Aculocity Data Team : Senior Data Engineer
Premise : The Senior Data Engineer is a lead resource responsible for building and developing Aculocity's Data capabilities.
Role : As a Senior Data Engineer, you will be a key member of our agile Data Engineering team, leading the design, development, and optimization of complex data infrastructure and pipelines. Your expertise will enable high-impact reporting, analytics, and machine learning solutions that support business success.
Your responsibilities include building and maintaining critical data systems, mentoring junior engineers, and translating business requirements into scalable data solutions.
Job Title :
Senior Data Engineer
Reports To :
Data Engineering Manager (Functionally)
Data Engineer Job Responsibilities :
- Serve as the subject matter expert for data and systems.
- Develop and maintain scalable data pipelines and API integrations to handle increasing data volume and complexity.
- Collaborate with analytics and business teams to optimize data models for business intelligence and decision-making.
- Implement data quality monitoring processes to ensure accuracy and availability of production data.
- Develop end-to-end ML pipelines covering data ingestion, transformation, model training, validation, serving, and evaluation.
- Work closely with AI scientists to deploy ML algorithms into production.
- Set up CI/CD/CT pipelines and maintain model repositories for ML models.
- Deploy models as a service.
- Contribute to documentation and perform data analysis to troubleshoot issues.
- Collaborate with cross-functional teams to enhance data models and support analytics.
- Design data assets, ETL jobs, and data integrations.
- Establish data quality frameworks and evaluate tools for data lineage.
- Develop strategies for long-term data platform architecture.
- Mentor junior engineers, lead code reviews, and promote best practices.
Qualifications / Skills :
- Knowledge of IT operations and best practices for reliable services.
- Experience with data pipeline and model development best practices.
- Familiarity with Agile methodologies.
- Strong problem-solving, troubleshooting, and documentation skills.

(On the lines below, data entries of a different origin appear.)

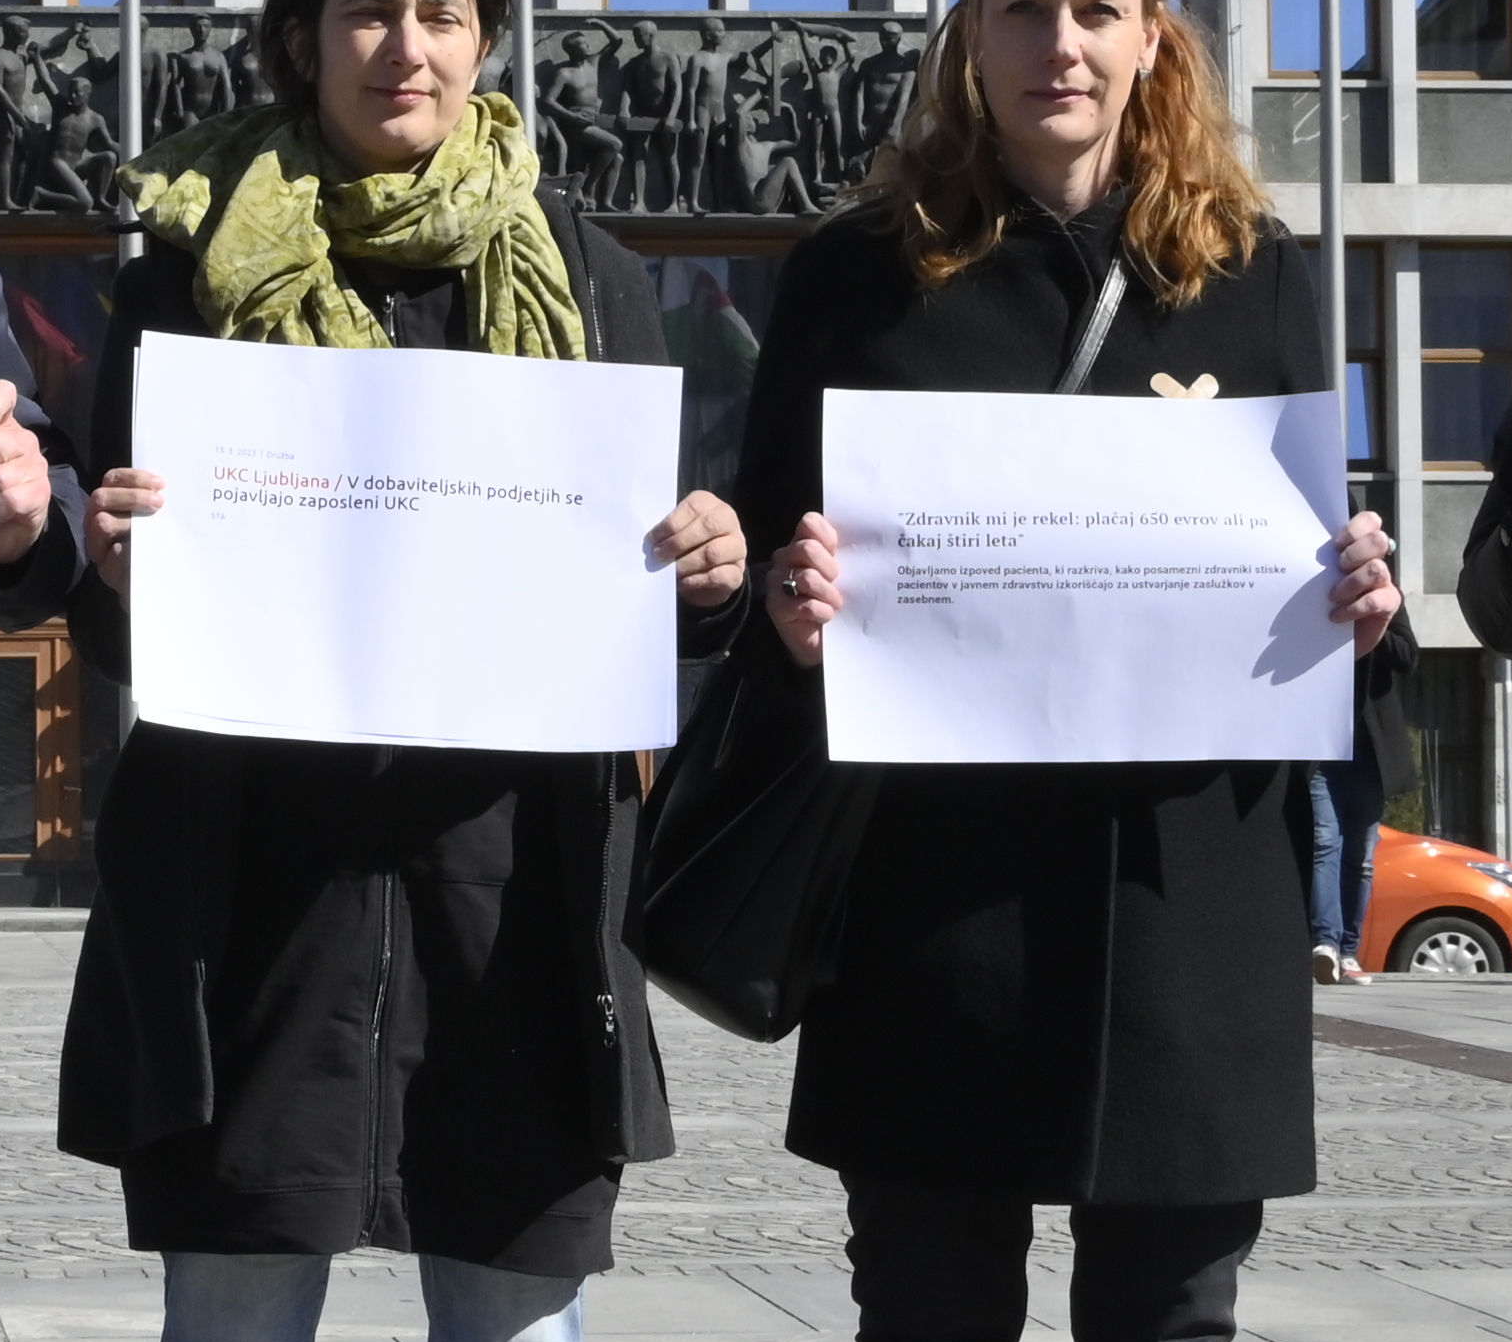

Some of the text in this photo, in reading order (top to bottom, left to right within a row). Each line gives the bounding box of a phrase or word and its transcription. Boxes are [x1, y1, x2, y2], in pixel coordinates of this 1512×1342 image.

[214, 466, 583, 506] UKC Ljubljana / V dobaviteljskih podjetjih se
[212, 487, 420, 512] pojavljajo zaposleni UKC
[986, 511, 1007, 526] mi
[1013, 511, 1027, 528] je
[1032, 511, 1080, 526] rekel:
[1085, 511, 1134, 529] plačaj
[1139, 512, 1169, 525] 650
[1173, 515, 1218, 526] evrov
[1223, 513, 1244, 527] ali
[1249, 517, 1268, 530] pa
[897, 532, 941, 551] čakaj
[946, 533, 980, 548] štiri
[897, 565, 957, 578] Objavljamo
[959, 564, 1001, 578] izpoved
[1054, 565, 1065, 575] ki
[1115, 564, 1141, 575] kako
[1143, 564, 1202, 577] posamezni
[1204, 564, 1252, 575] zdravniki
[1254, 564, 1287, 574] stiske
[896, 578, 1255, 592] pacientov v javnem zdravstvu izkoriščajo za ustvarjanje zaslužkov v

- Excellent communication and customer service skills.
- Willingness to learn and stay updated with new technologies.
- Understanding of ML algorithms and experience with MLOps pipelines.
- Collaborative team player mindset.
Education, Experience, and Licensing :
- BSc or MSc in Computer Science or related field.

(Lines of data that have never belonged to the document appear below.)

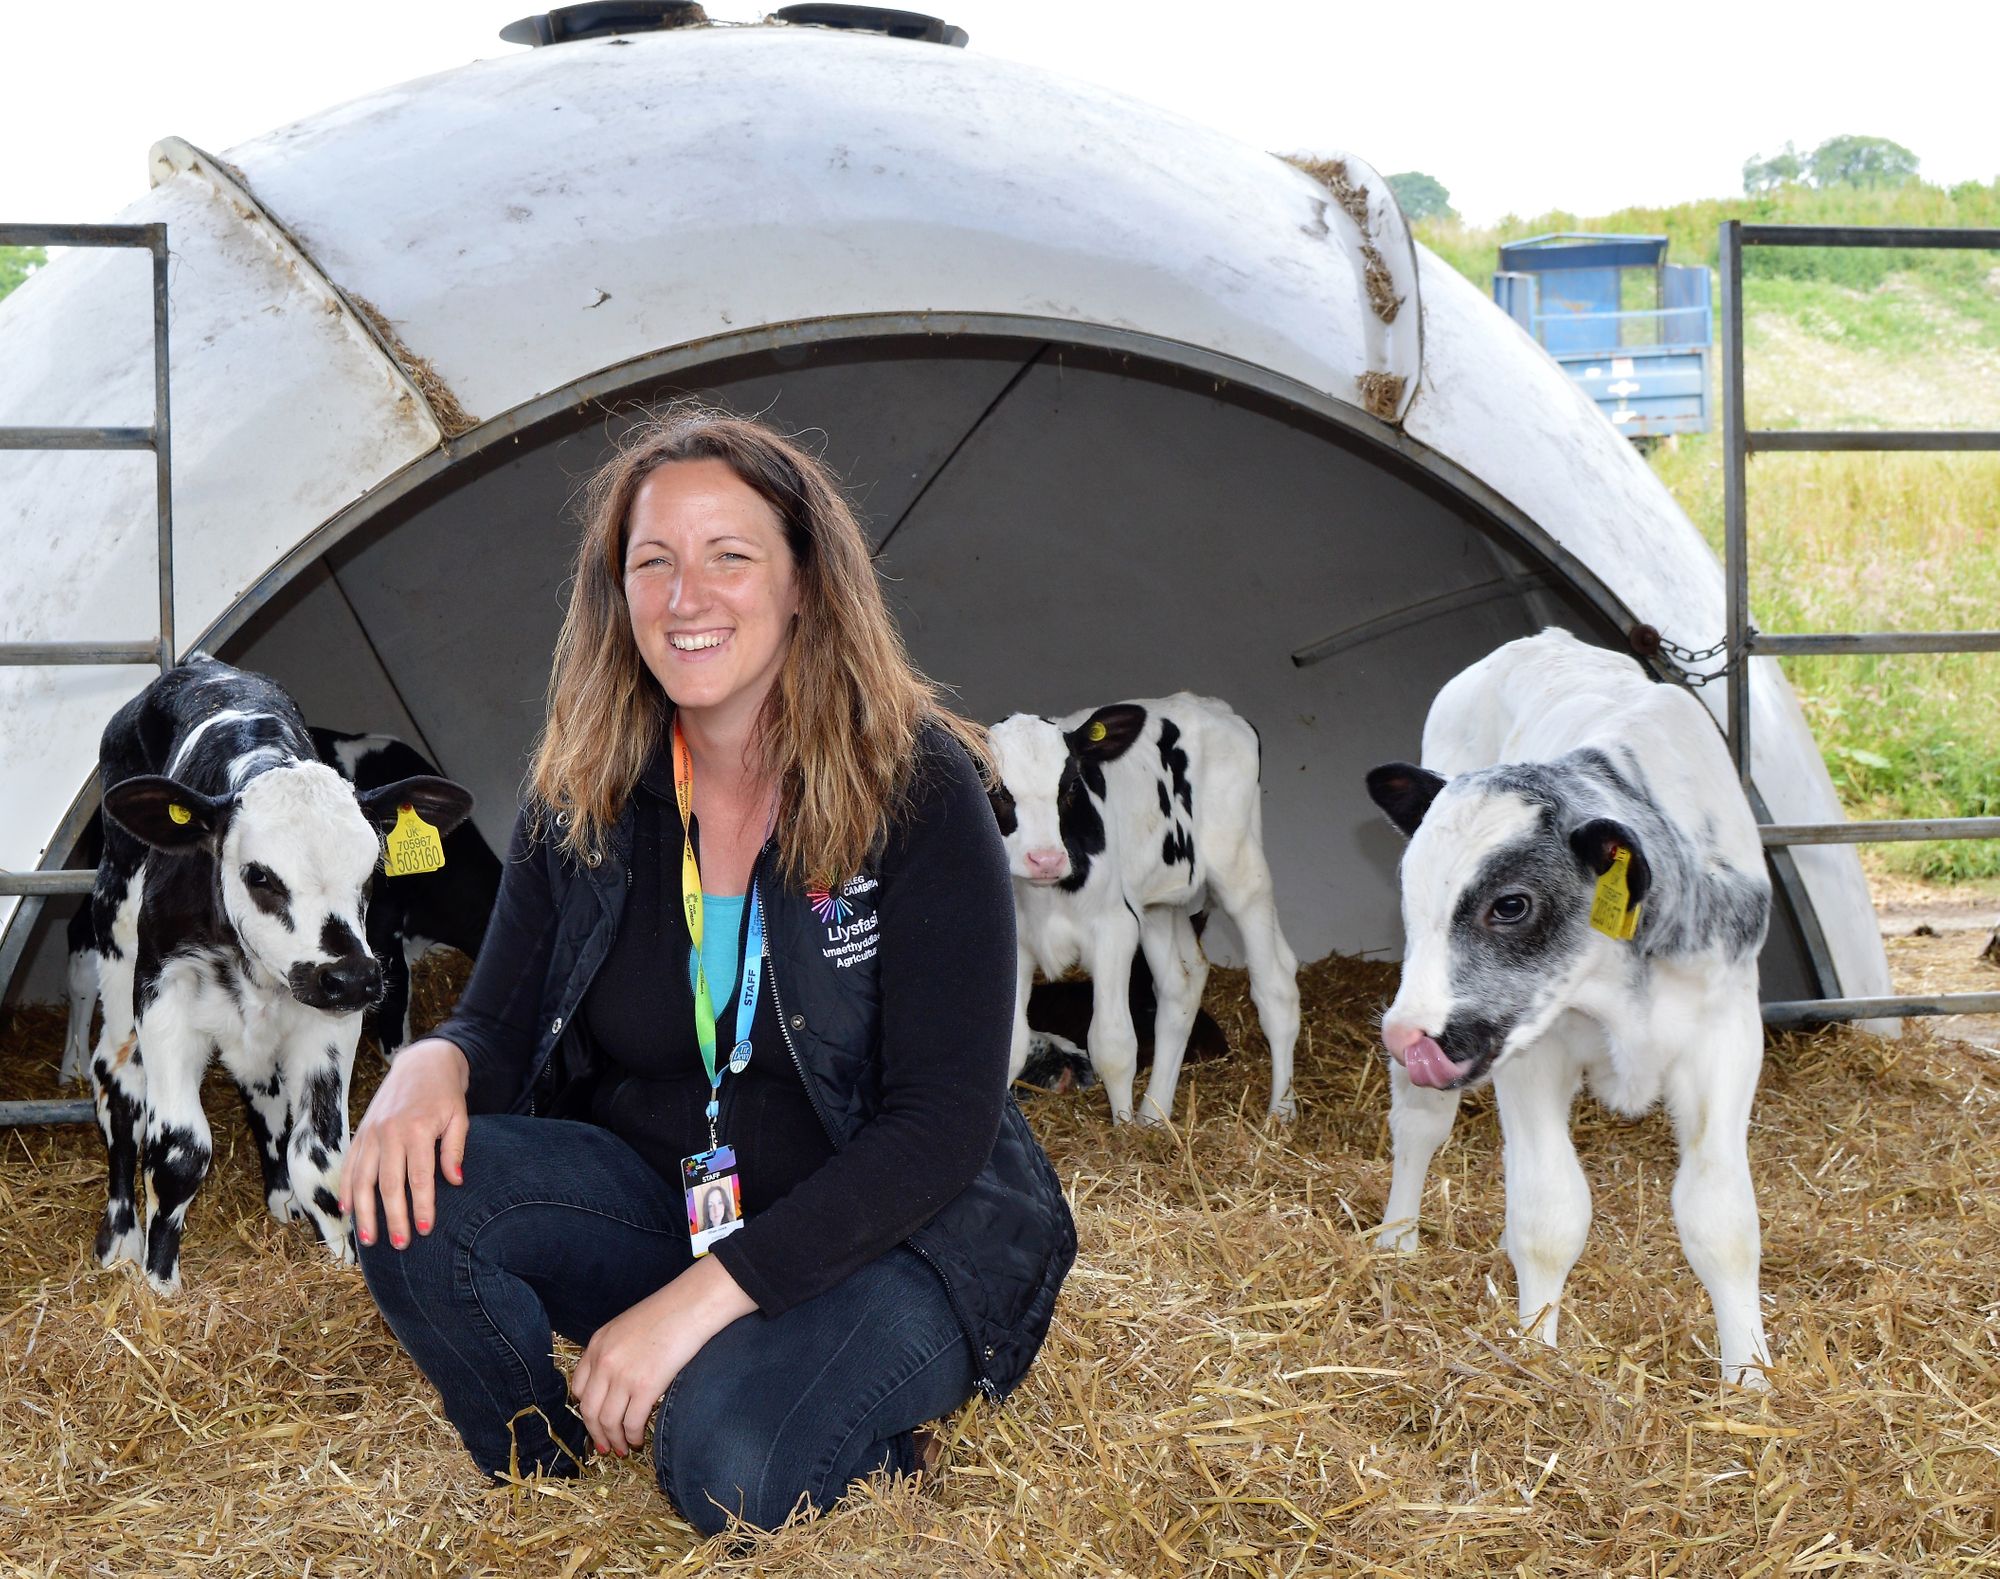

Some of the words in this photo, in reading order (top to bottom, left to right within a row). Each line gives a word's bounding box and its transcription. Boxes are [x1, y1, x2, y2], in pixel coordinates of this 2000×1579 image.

[396, 835, 431, 852] 705967
[405, 827, 419, 838] UK
[396, 845, 441, 873] 503160
[827, 910, 878, 943] Llysfasi
[744, 969, 757, 1007] STAFF
[702, 1172, 720, 1183] STAFF

- Minimum 5 years of experience with Python or R.
- Minimum 5 years of MS SQL experience; PostgreSQL is a plus.
- Experience with data warehouse architecture, schema design, and data modeling.
- Experience with BI tools like Power BI.
- Experience designing and maintaining data processing systems on cloud and on-premises platforms.
- Experience in ML model deployment and frameworks.
- Good experience with Apache Spark.
- Ability to troubleshoot production issues.
- Experience in demos and training for technical and non-technical audiences.
Advantages :
- Experience with data streaming technologies like Kafka or AWS Kinesis.
- Experience with IoT device and systems integration.